La legge di Thomas, il Coronavirus e l’ufficio postale
Caccia all’untore
Ieri
pomeriggio mi sono recato alla posta sotto casa per pagare alcune bollette. I
posti a sedere, una ventina, erano tutti
occupati, meno sei. Perché? Due di quei sedili erano occupati da asiatici, una
coppietta di giovani giapponesi (vivo in una zona frequentata da turisti). Intorno si era fatto il vuoto.
Non
c’ è nulla da fare il vecchio William
Thomas, sociologo dalla vita
burrascosa (almeno per gli Stati Uniti al tempo
del ragtime), non sbagliava: se un uomo giudica reale una situazione, le sue
conseguenze saranno reali. Tradotto, e veniamo al Coronavirus: non importa che
gli esperti ripetano che questa forma di
malattia parainfluenzale non sia
particolarmente pericolosa. Si tratta però di un virus, e solo il termine genera timore, paura, addirittura terrore. Di qui il cordone sanitario spontaneo verso due
ragazzi giapponesi, scambiati per cinesi.
Del
resto, le cronache confermano che in
questi giorni in Italia (ma
probabilmente in tutto il mondo) l’atteggiamento verso chiunque abbia i
famigerati occhi a mandorla è cambiato. Alla paura di morire, fenomeno altrettanto epidemico, geometricamente epidemico, si è
affiancata, con altrettanta forza geometrica,
l’ostilità verso chi sia fisicamente diverso da noi, giustificata, come dichiarano gli intervistati, dalla paura del contagio.
Che
cosa si può fare? Non molto. Le rassicurazioni scientifiche non servono
più di tanto, anche perché al razzismo, sanitario o meno, si accompagna sempre il cospirazionismo, tipico residuo magico delle fobie. Il che riporta,
chiudendo il cerchio, alla paura di
morire, che però talvolta consegue, come detto, da un esame della realtà
secondo i criteri irrazionali-razionali individuati da Thomas. Irrazionali,
perché frutto del credere piuttosto che del capire, razionali perché producono conseguenze
razionali, come giustificare
razionalmente, come nelle epidemie autentiche, misure come l’isolamento delle persone contagiate o
portatrici di contagio.
In
Italia, finora, non si sono registrati casi, eppure ci si comporta come se l’epidemia
stesse mietendo milioni di vittime.
Cosa
augurarsi? Che la vicenda si sgonfi da
sola. Ovviamente, i tempi sociali, nel caso del “contagio” psichico sono rapidi mentre la “guarigione”

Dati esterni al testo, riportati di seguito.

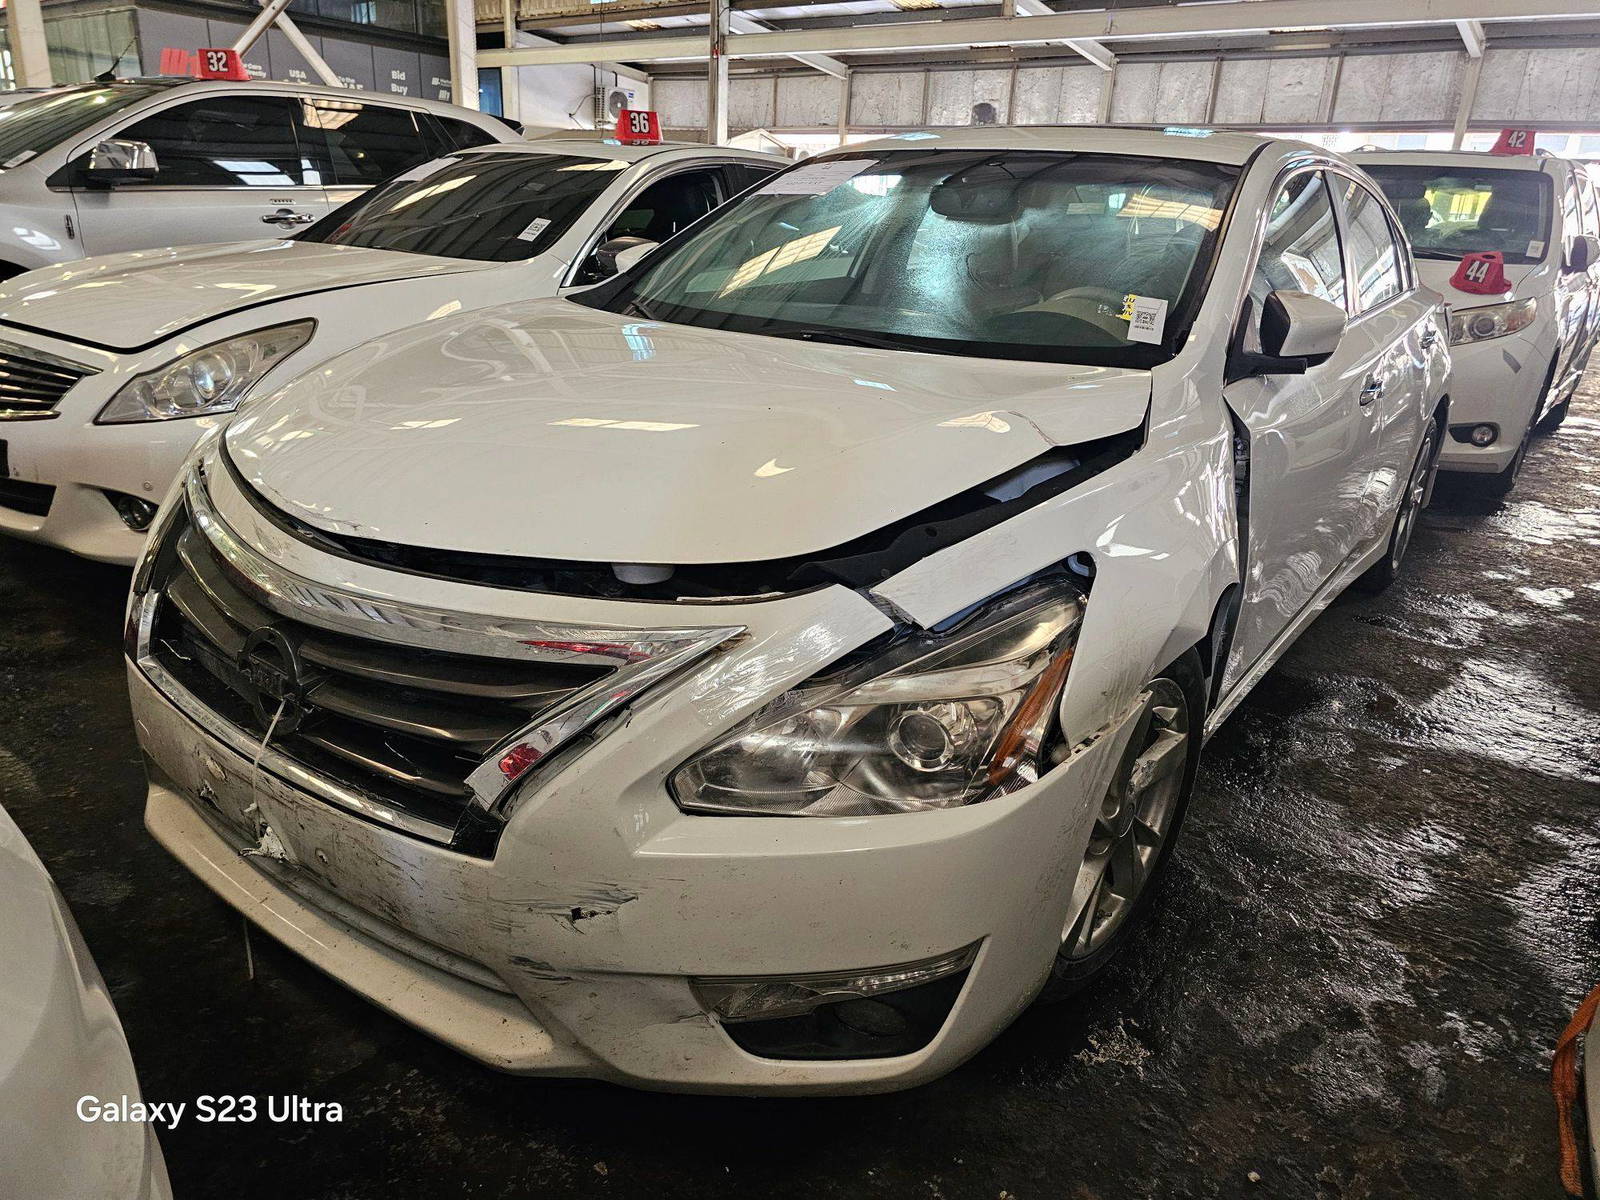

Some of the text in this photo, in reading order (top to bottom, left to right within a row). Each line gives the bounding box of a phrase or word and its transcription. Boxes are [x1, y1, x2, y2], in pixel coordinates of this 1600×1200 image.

[207, 51, 229, 72] 32
[289, 69, 307, 79] USA
[391, 70, 406, 81] Bid
[391, 83, 408, 96] Buy
[630, 112, 650, 133] 36
[1508, 130, 1527, 148] 42
[1466, 260, 1490, 283] 44

psichica richiede tempi più lunghi: la paura svolge un ruolo che facilità l' autoconservazione dei comportamenti stessi che l'hanno provocata.
Sul
punto, sia in entrata che in uscita, l’atteggiamento dei mass media vecchi e nuovi gioca sempre un ruolo importante sul piano della propagazione. Di regola
però in negativo. Come effettivamente sta accadendo.
Le
società, piaccia o meno, godono di poteri autoregolanti, soprattutto sul piano
dei comportamenti collettivi (i cosiddetti fenomeni massa comandati dalle regolarità dell’imitazione
sociale). Comportamenti che però si
azionano, per così dire, a prescindere dal contenuto di verità della credenza, e che assumono inevitabilmente potere proprio e autocondizionante.
Ciò
significa, che le società, prese nell’insieme, ignorano i finalismi morali,. Per usare una metafora: non distinguono mai tra il bisturi usato dal chirurgo per operare
un paziente e salvarlo, e il bisturi usato dallo stesso chirurgo per uccidere
un collega rivale. Sicché, sociologicamente parlando, il meccanismo autodifensivo, scatta al solo apparire di un
uomo con il bisturi in mano, a prescindere dall’uso che voglia
realmente farne. Quell’uomo
è comunque percepito come un potenziale assassino. O un untore.
Ovviamente, quando un' epidemia è reale il terrore del contagio assolve un compito di autoconservazione sociale attraverso la difesa dell' autoperpetuazione dei suoi membri. Ma quando non c'è certezza? Oppure l'epidemia è "reale", ma soltanto secondo i meccanismi della legge di Thomas?